Nonetheless, the right-wing justices made it clear they were more interested in the future than in the present. In their comments they stayed far away from Trump and focused instead on presidents in the past and the future. (Conservative judge J. Michael Luttig noted: “The Court and the parties discussed everything but the specific question presented.”)
Justice Neil Gorsuch said: “I’m not concerned about this case, but I am concerned about future uses of the criminal law to target political opponents based on accusations about their motives.” Justice Samuel Alito tried to turn the argument for accountability upside down by suggesting that complete immunity would be more likely to encourage presidents to leave office, because if a president knew they could be prosecuted for crimes, they would be less likely to leave peacefully.
Indeed, Marcus wrote: “The conservative justices’ professed concerns over the implications of their rulings for imaginary future presidents, in imaginary future proceedings, seemed more important to them than bringing Trump to justice.” Constitutional law professor Anthony Michael Kreis was more concrete in his reaction; he found it “nbelievable that Supreme Court justices who see forgiving student loans, mandating vaccines, and regulating climate change as a slippery slope toward tyranny were not clear-eyed on questions of whether a president could execute citizens or stage a coup without being prosecuted.”
The court’s decision will likely take weeks and thus will delay Trump’s trial for crimes committed in his attempt to overturn the results of the 2020 election, likely until after the 2024 election. On Monday, April 22, former representative Liz Cheney (R-WY), who served as vice chair of the House Select Committee to Investigate the January 6th Attack on the U.S. Capitol, called out Trump’s attacks on the legal system and delays to avoid accountability. In a New York Times op-ed, Cheney reminded the justices that delay would mean that the American people would not get to hear the testimony and evidence Special Counsel Jack Smith has uncovered before the 2024 election.

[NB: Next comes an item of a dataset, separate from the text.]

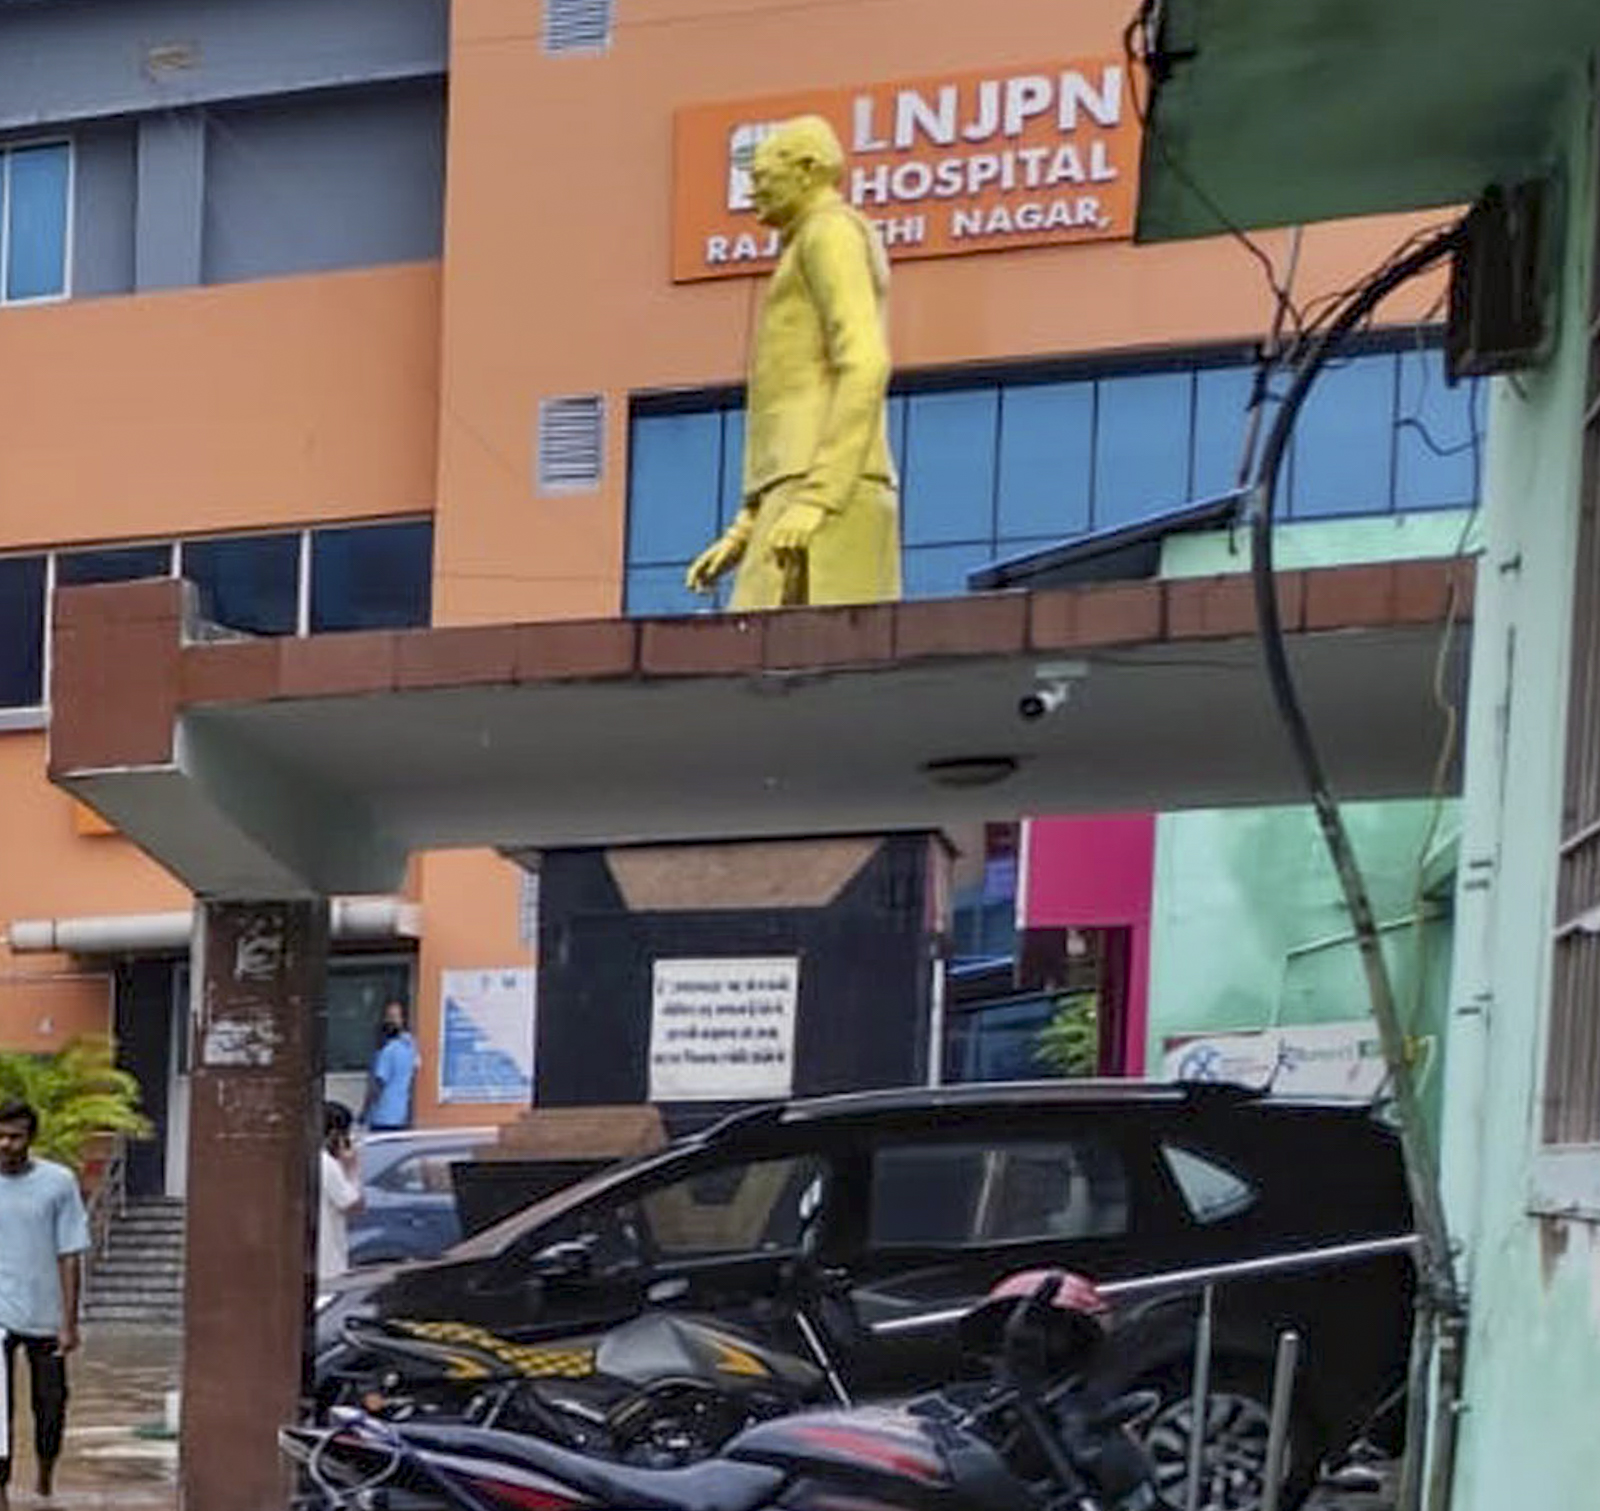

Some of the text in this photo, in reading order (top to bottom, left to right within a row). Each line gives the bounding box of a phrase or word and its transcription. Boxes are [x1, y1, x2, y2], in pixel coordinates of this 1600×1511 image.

[852, 66, 1123, 152] LNJPN
[851, 140, 1118, 205] HOSPITAL
[952, 196, 1112, 238] NAGAR,

“It cannot be that a president of the United States can attempt to steal an election and seize power but our justice system is incapable of bringing him to trial before the next election four years later,” she wrote.
And yet, here we are.
Voters’ right to know what a candidate for president did to overthrow the will of the people in a previous election is at stake in today’s arguments. But so is the rule of law on which our democracy stands. The rule of law means that laws are made according to established procedures rather than a leader’s dictates, and that they are reasonable. Laws are enforced equally. No one is above the law, and everyone has an obligation to obey the law.
As Justice Elena Kagan noted today: “The framers did not put an immunity clause into the Constitution. They knew how to; there were immunity clauses in some state constitutions. They didn’t provide immunity to the president. And, you know—not so surprising—they were reacting against a monarch who claimed to be above the law. Wasn’t the whole point that the president was not a monarch and the president was not supposed to be above the law?”
Indeed.
“[W]here, say some, is the King of America?” Thomas Paine wrote in Common Sense, the 1776 pamphlet that convinced British colonists in North America to cut ties with their king and start a new nation. “n America the law is king. For as in absolute governments the King is law, so in free countries the law ought to be king; and there ought to be no other.”